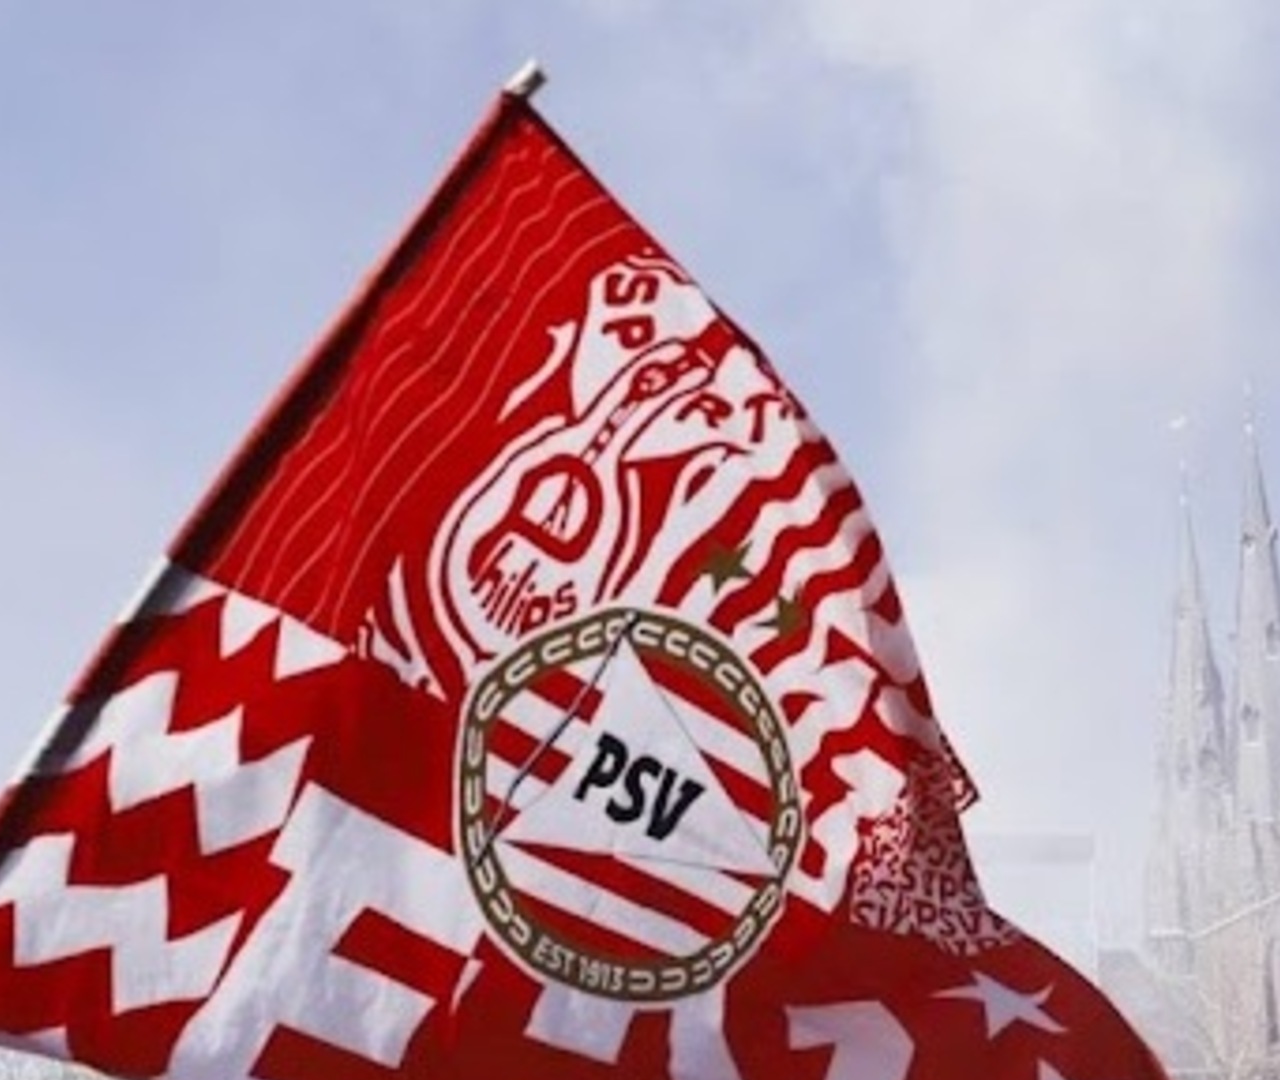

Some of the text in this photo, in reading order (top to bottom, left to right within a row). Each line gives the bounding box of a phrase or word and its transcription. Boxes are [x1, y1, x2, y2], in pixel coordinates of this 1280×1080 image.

[573, 732, 705, 842] PSV
[532, 936, 626, 991] EST 1913
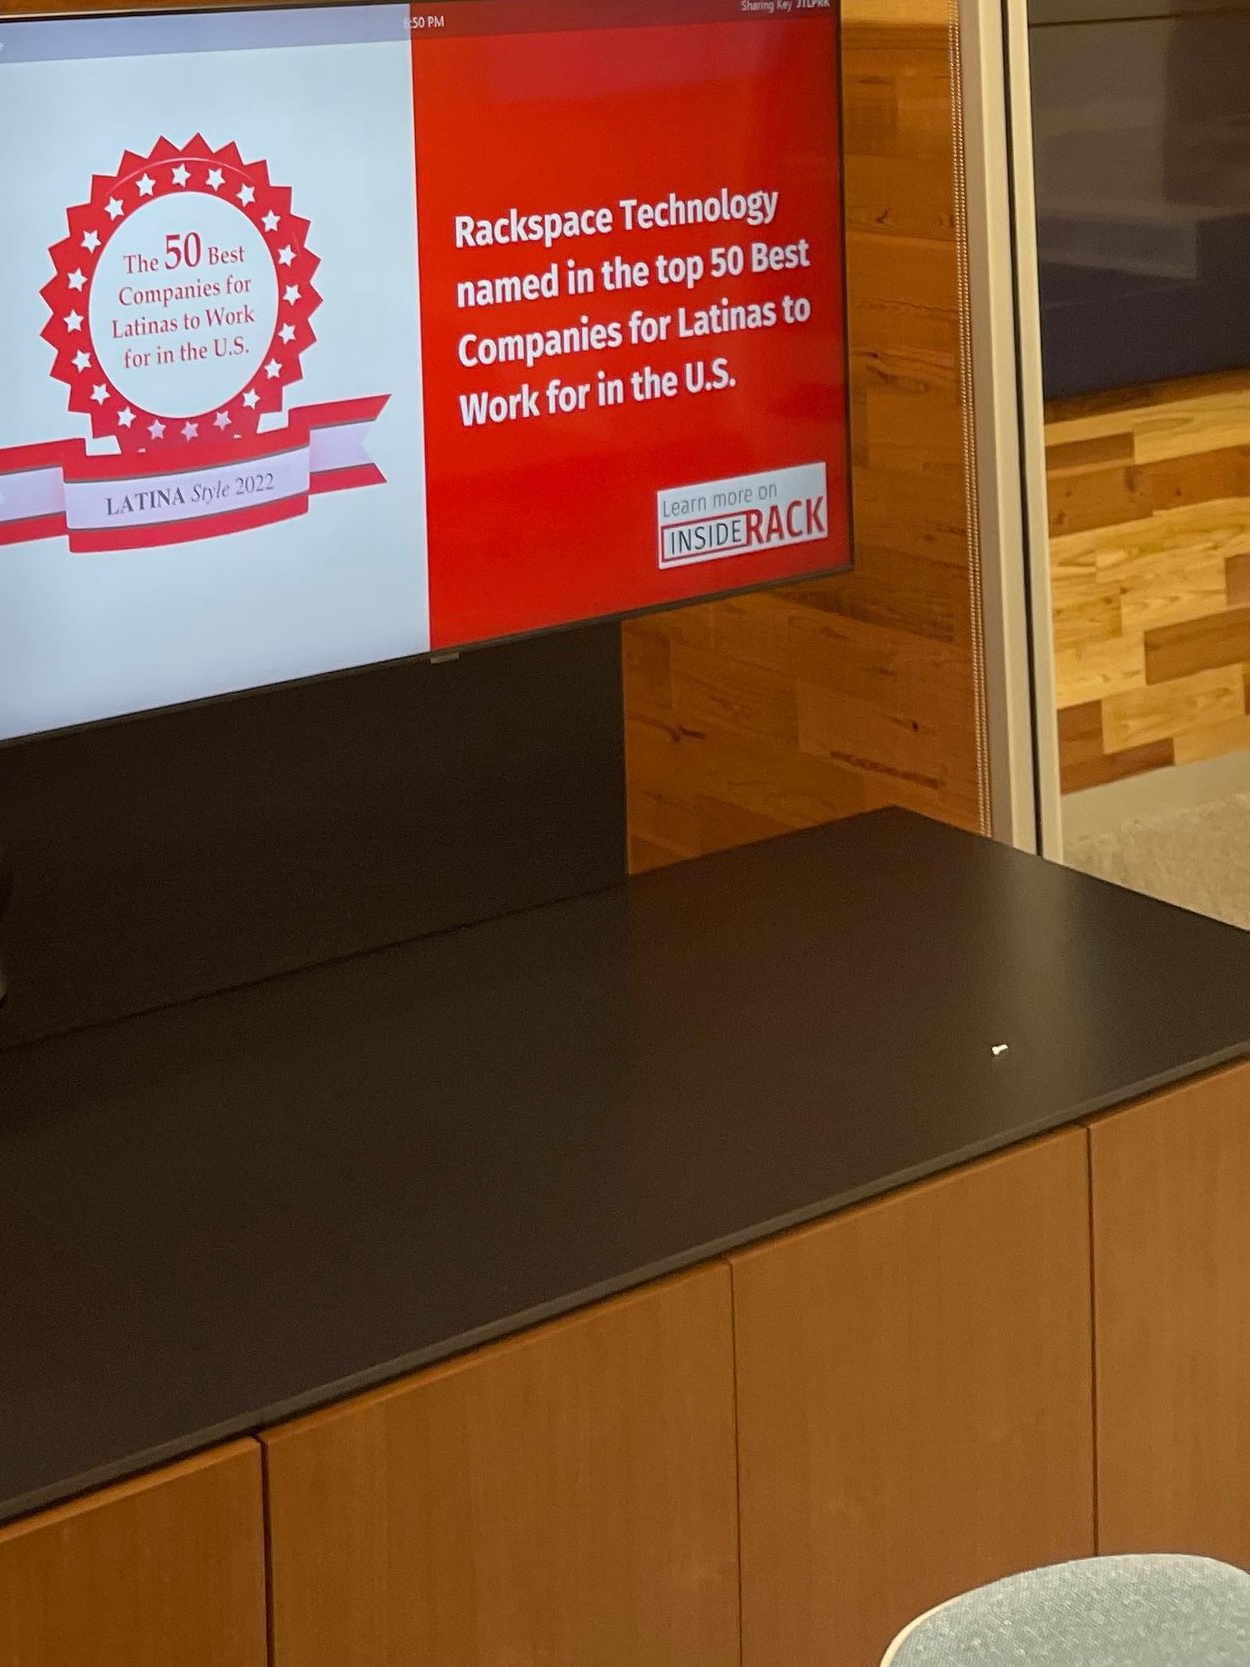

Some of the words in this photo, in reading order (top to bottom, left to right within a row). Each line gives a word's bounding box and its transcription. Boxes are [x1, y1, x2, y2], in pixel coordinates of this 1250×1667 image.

[427, 15, 445, 28] PM
[741, 0, 775, 14] Sharing
[454, 207, 613, 249] Rackspace
[619, 187, 779, 231] Technology
[123, 253, 159, 274] The
[164, 231, 202, 270] 50
[208, 245, 245, 265] Best
[118, 278, 221, 308] Companies
[225, 274, 252, 295] for
[456, 262, 559, 309] named
[566, 258, 594, 295] in
[601, 255, 650, 291] the
[655, 254, 704, 289] top
[710, 244, 744, 278] 50
[751, 238, 811, 273] Best
[111, 316, 179, 339] Latinas
[183, 313, 201, 331] to
[205, 304, 256, 328] Work
[458, 314, 623, 368] Companies
[628, 310, 672, 345] for
[677, 296, 777, 339] Latinas
[781, 294, 812, 325] to
[124, 348, 151, 369] for
[156, 345, 175, 365] in
[180, 341, 208, 362] the
[213, 335, 250, 358] U.S.
[458, 383, 541, 428] Work
[545, 379, 591, 415] for
[597, 370, 625, 408] in
[630, 365, 679, 403] the
[685, 357, 737, 394] U.S.
[105, 486, 186, 516] LATINA
[190, 481, 231, 505] Style
[234, 472, 276, 496] 2022
[662, 496, 708, 518] Learn
[712, 488, 754, 509] more
[757, 483, 779, 501] on
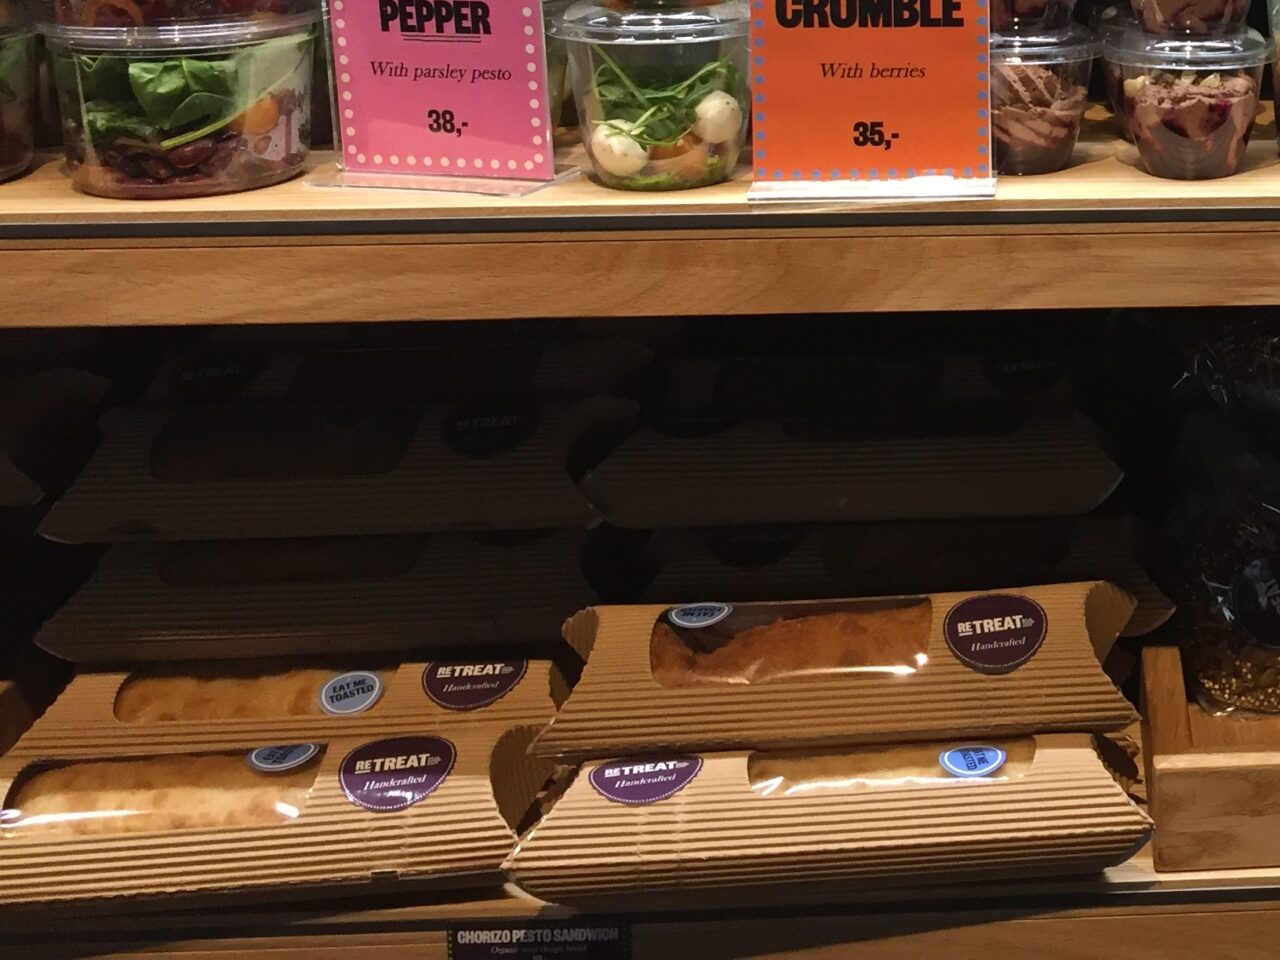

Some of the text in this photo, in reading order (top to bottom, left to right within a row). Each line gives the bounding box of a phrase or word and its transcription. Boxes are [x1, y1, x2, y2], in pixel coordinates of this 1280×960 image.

[370, 61, 512, 83] With parsley pesto
[820, 63, 926, 79] With berries
[427, 109, 469, 138] 38,-
[853, 121, 900, 150] 35,-
[957, 614, 1023, 637] RETREAT
[971, 636, 1026, 652] Handcrafted
[436, 663, 505, 678] RETREAT
[329, 684, 374, 704] TOASTED
[332, 678, 368, 693] EAT ME
[355, 753, 431, 774] RETREAT
[604, 761, 678, 778] RETREAT
[363, 774, 427, 790] Handcrafted
[615, 774, 677, 788] Handcrafted
[457, 927, 619, 944] CHORIZO PESTO SANDWICH
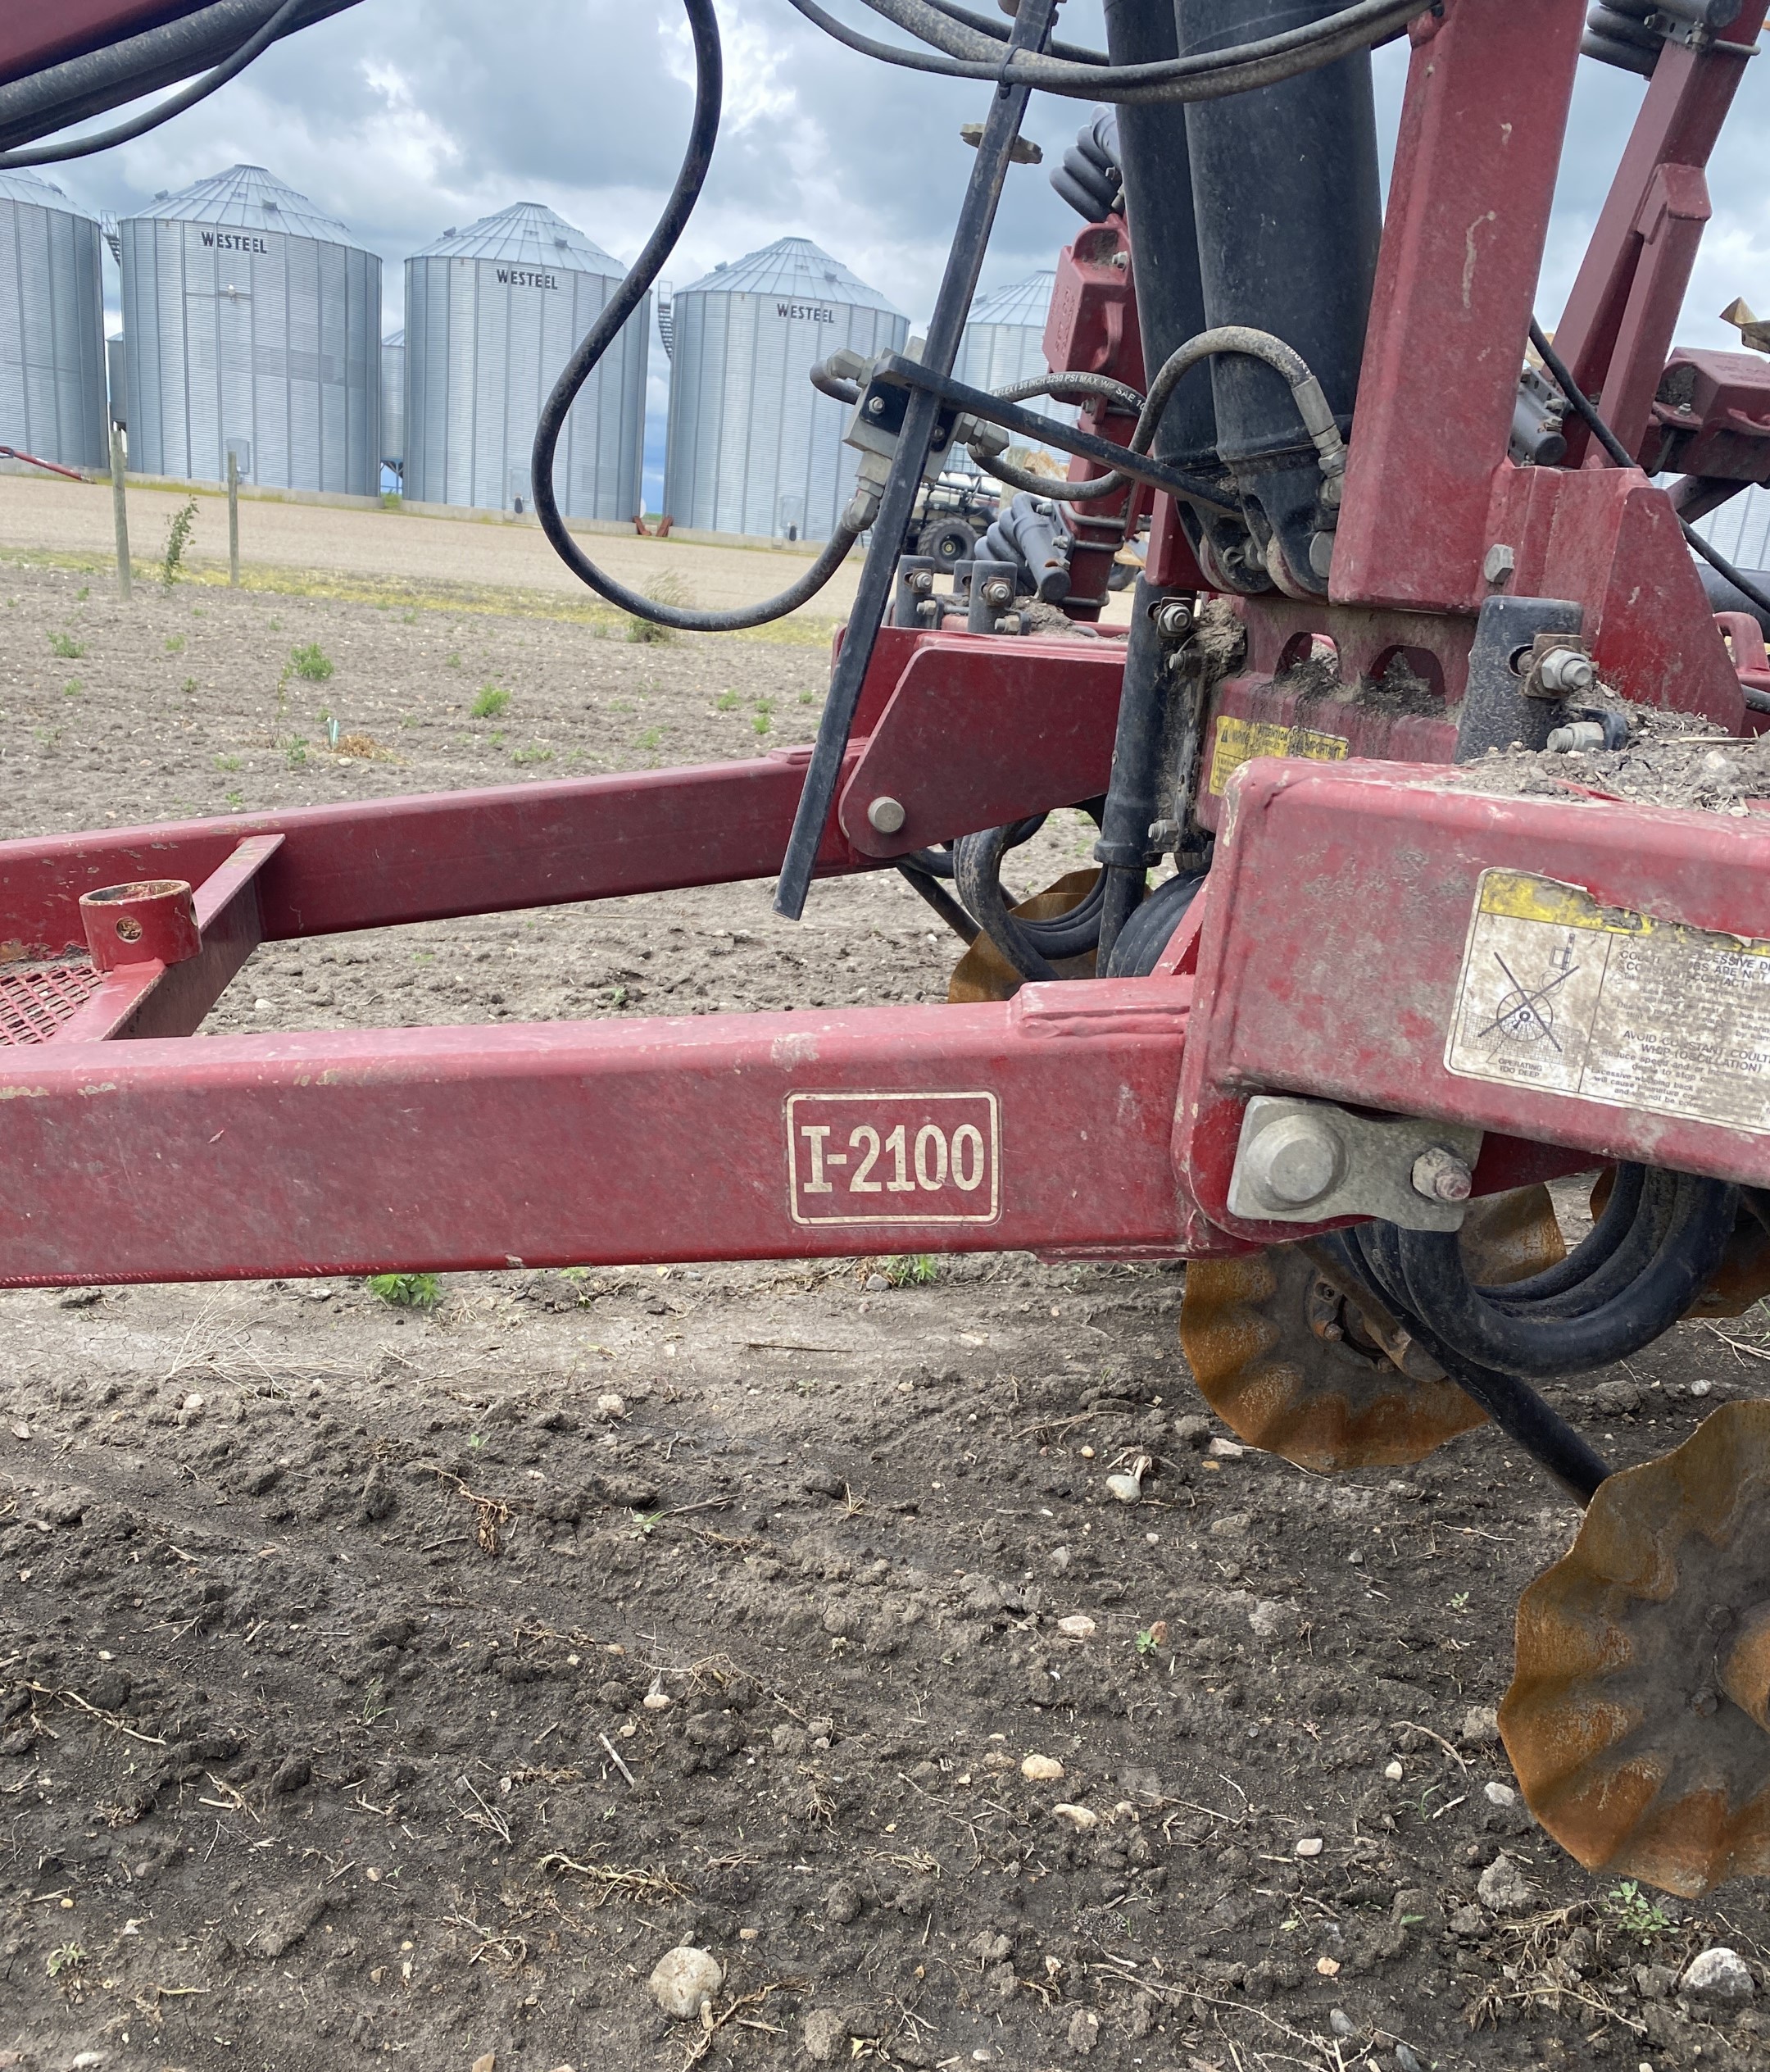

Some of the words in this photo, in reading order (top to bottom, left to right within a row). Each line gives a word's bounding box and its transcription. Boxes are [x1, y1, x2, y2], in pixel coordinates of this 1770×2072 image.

[201, 231, 267, 254] WESTEEL
[497, 269, 558, 289] WESTEEL
[777, 303, 834, 323] WESTEEL
[1029, 377, 1046, 388] INCH
[1046, 375, 1064, 384] 3250
[1064, 374, 1078, 383] PSI
[1079, 375, 1099, 385] MAX
[1116, 387, 1136, 402] SAE
[1692, 973, 1747, 988] CONACT
[1742, 970, 1768, 982] NOT
[1622, 1030, 1657, 1043] AVOID
[1662, 1037, 1726, 1055] COSTANT
[1731, 1049, 1770, 1064] COULT
[1498, 1058, 1542, 1072] OPERATING
[1602, 1049, 1636, 1061] Reduce
[1672, 1061, 1690, 1070] and
[1500, 1066, 1515, 1074] TOO
[1518, 1069, 1540, 1078] DEEP
[1591, 1068, 1632, 1079] Excessive
[1673, 1082, 1693, 1092] back
[1662, 1068, 1672, 1076] to
[1675, 1071, 1696, 1082] stop
[1610, 1079, 1635, 1088] cause
[1649, 1093, 1661, 1102] not
[1678, 1100, 1712, 1109] cover
[801, 1123, 984, 1193] I-2100

** INSTRUCTIONS FOR THE TASK **
Send back exactly the lines of the listing above, beginning at the line containing "this 1770×2072 image." and ending with the last. Add nothing.

** RESULT OF THIS EXERCISE **
Some of the words in this photo, in reading order (top to bottom, left to right within a row). Each line gives a word's bounding box and its transcription. Boxes are [x1, y1, x2, y2], in pixel coordinates of this 1770×2072 image.

[201, 231, 267, 254] WESTEEL
[497, 269, 558, 289] WESTEEL
[777, 303, 834, 323] WESTEEL
[1029, 377, 1046, 388] INCH
[1046, 375, 1064, 384] 3250
[1064, 374, 1078, 383] PSI
[1079, 375, 1099, 385] MAX
[1116, 387, 1136, 402] SAE
[1692, 973, 1747, 988] CONACT
[1742, 970, 1768, 982] NOT
[1622, 1030, 1657, 1043] AVOID
[1662, 1037, 1726, 1055] COSTANT
[1731, 1049, 1770, 1064] COULT
[1498, 1058, 1542, 1072] OPERATING
[1602, 1049, 1636, 1061] Reduce
[1672, 1061, 1690, 1070] and
[1500, 1066, 1515, 1074] TOO
[1518, 1069, 1540, 1078] DEEP
[1591, 1068, 1632, 1079] Excessive
[1673, 1082, 1693, 1092] back
[1662, 1068, 1672, 1076] to
[1675, 1071, 1696, 1082] stop
[1610, 1079, 1635, 1088] cause
[1649, 1093, 1661, 1102] not
[1678, 1100, 1712, 1109] cover
[801, 1123, 984, 1193] I-2100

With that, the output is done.